In scleroderma, there is a case report for the association of renal crisis and subdural hematoma and one case of overlap syndrome and at the same time idiopathic thrombocytopenic purpura (ITP) with very low platelet, which developed spinal hematoma yet with no other associations (18, 19). Although in our case her limited scleroderma manifestations were very mild, her eosinophilic and necrotizing vasculitis was much more prominent.

In reviewing the literature, there were four cases of EGPA with the manifestation of subdural hematoma (5-8) (Table 2). All of the patients on presentation had active disease and were on a high dose of steroid treatment.

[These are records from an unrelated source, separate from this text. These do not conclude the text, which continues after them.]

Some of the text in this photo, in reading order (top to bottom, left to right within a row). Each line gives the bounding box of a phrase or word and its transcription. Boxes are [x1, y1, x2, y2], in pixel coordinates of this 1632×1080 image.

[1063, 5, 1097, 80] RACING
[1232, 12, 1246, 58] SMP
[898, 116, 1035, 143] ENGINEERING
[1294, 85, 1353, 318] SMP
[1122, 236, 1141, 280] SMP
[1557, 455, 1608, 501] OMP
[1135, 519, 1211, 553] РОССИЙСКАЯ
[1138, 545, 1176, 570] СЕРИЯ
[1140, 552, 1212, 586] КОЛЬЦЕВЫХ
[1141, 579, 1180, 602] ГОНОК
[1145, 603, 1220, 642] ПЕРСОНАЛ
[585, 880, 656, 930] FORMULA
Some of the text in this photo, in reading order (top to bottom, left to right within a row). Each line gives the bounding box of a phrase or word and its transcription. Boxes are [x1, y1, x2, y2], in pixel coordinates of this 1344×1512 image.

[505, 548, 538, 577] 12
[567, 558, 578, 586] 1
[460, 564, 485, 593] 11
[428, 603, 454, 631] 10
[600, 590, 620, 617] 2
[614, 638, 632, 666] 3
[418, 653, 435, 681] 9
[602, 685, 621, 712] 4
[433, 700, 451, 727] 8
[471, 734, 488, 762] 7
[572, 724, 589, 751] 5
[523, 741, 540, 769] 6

Central nervous system involvement is very rare in patients with EGPA yet can be presented as ataxia, paraplegia, optic neuritis, hemiplegia-hemiparesis, spasmodic quadriplegia, seizures, meningitis, cerebral infarction, organic psycho-syndrome, other mental changes, stroke, temporal arteritis, leptomeningeal dissemination, memory deficits, and dysarthria (20).

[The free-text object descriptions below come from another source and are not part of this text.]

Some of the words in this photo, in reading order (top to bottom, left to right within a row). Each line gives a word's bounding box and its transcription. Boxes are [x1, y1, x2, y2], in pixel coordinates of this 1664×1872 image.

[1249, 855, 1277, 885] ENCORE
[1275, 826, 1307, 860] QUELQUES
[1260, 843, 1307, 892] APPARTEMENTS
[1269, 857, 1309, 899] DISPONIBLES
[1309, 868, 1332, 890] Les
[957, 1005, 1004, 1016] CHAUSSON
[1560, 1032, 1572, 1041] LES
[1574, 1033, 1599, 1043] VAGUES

There are case reports of associations of this presentation with lupus. In a previous study on nine reported cases, hematomas were observed in the thoracic spine in three cases and in the cervical spine in four cases. Six of the 9 reported cases had a high level of disease activity of their systemic lupus. Vasculitis at the bleeding site was pathologically documented in three of the six active cases. However, there was one case of lupus without disease activity and in the last presented case, hematoma was presented on the ninth day of admission after receiving three methylprednisolone pulses and 15000 units of heparin therapy (21). Four cases of granulomatosis with polyangiitis (GPA) were presented with subdural hematoma of the spine as a vasculitis activity pattern of the disease, which mostly responded to cyclophosphamide and a high dose of prednisolone (22).

The patient presented symptoms on the 6th day of admission after receiving two doses of 250 mg methylprednisolone and five days of therapy with azathioprine and at the same time aspirin low dose (80 mg) and enoxaparin prophylactic dose 40 mg/day with normal coagulation profiles, and still had eosinophilia, dyspnea, and necrotizing skin lesions on both hands. After this presentation, aspirin and enoxaparin were discontinued and she received 1 gram rituximab and was discharged. On her follow-up, two weeks later, her symptoms decreased significantly.

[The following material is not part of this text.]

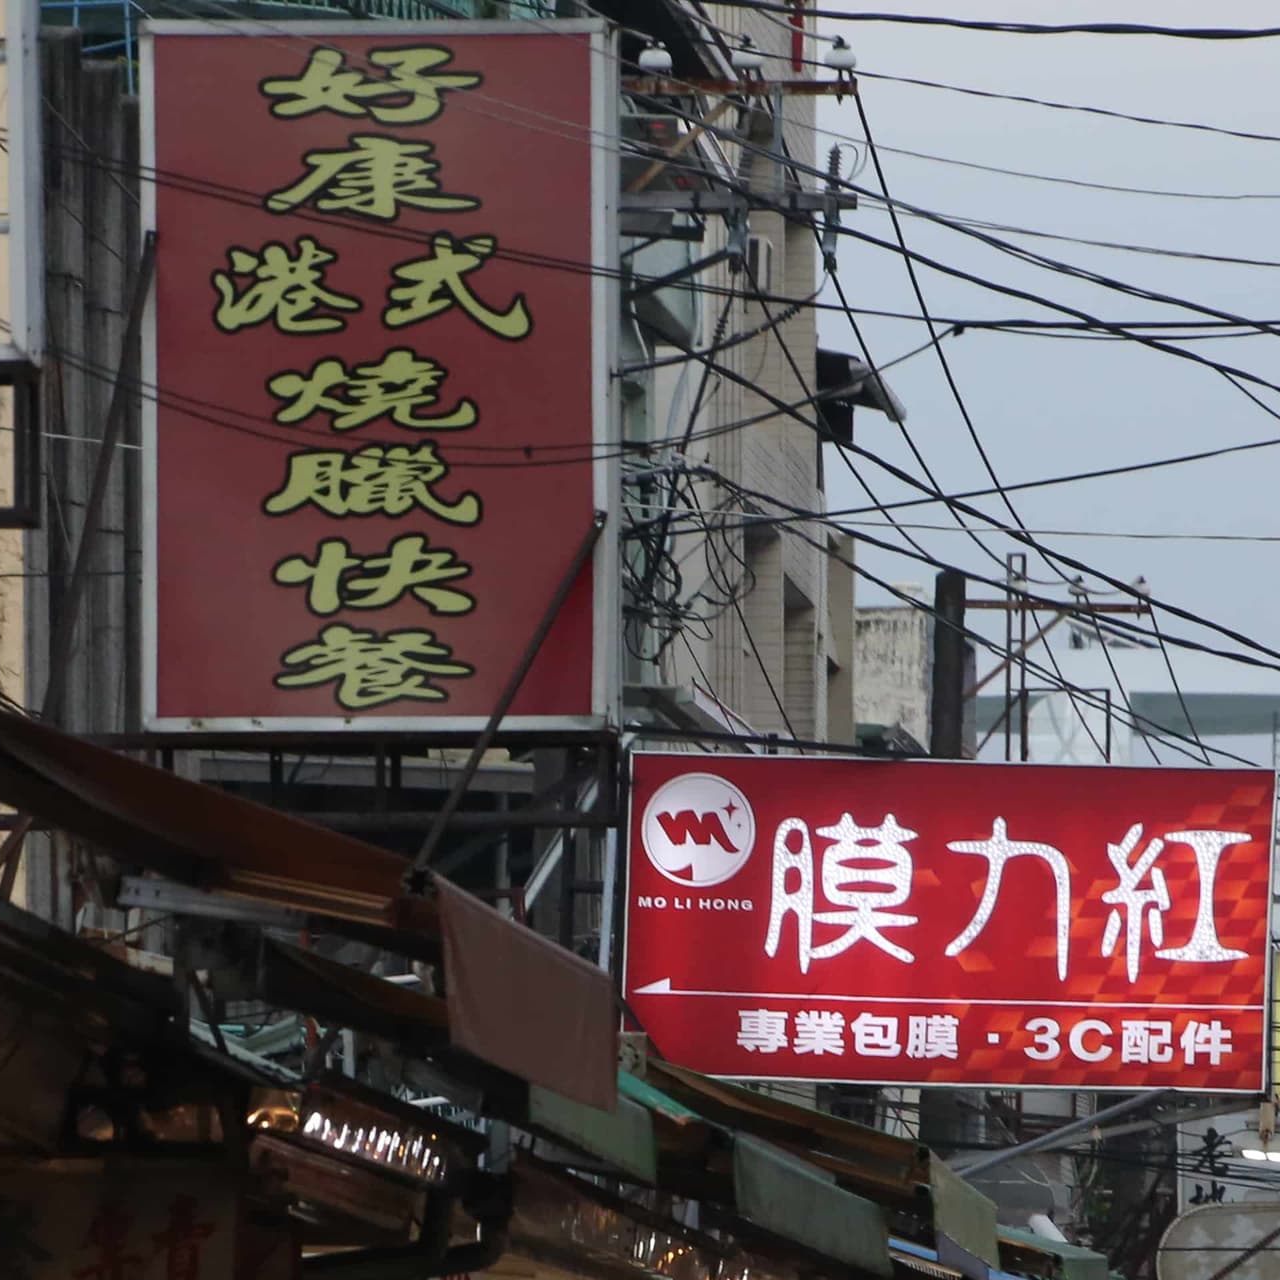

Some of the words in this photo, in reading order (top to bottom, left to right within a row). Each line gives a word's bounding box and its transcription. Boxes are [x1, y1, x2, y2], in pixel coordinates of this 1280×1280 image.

[637, 895, 669, 910] MO
[673, 896, 693, 911] LI
[697, 897, 754, 912] HONG
[764, 811, 1253, 984] 膜力紅

This report presents a patient with EPGA and limited scleroderma manifestations, who was admitted with manifestations of necrotizing vasculitis and eosinophilia along with an acute subdural hematoma. Presentation of these two rare manifestations together with three previously reported cases before and multiple reports of associations with other vasculitic diseases may indicate the importance of this manifestation as a vasculitic manifestation in EPGA. However, other background causes, such as a low dose of aspirin and a low dose of heparin along with disease activity, should be considered.

3.1. Conclusion

This article describes a case of EPGA, who presented a non-traumatic acute subdural thoracic hematoma in addition to her classic symptoms along with limited scleroderma. This suggests that non-traumatic acute spinal subdural hematomas should be considered in manifestations of EPGA and early recognition could be helpful for appropriate management.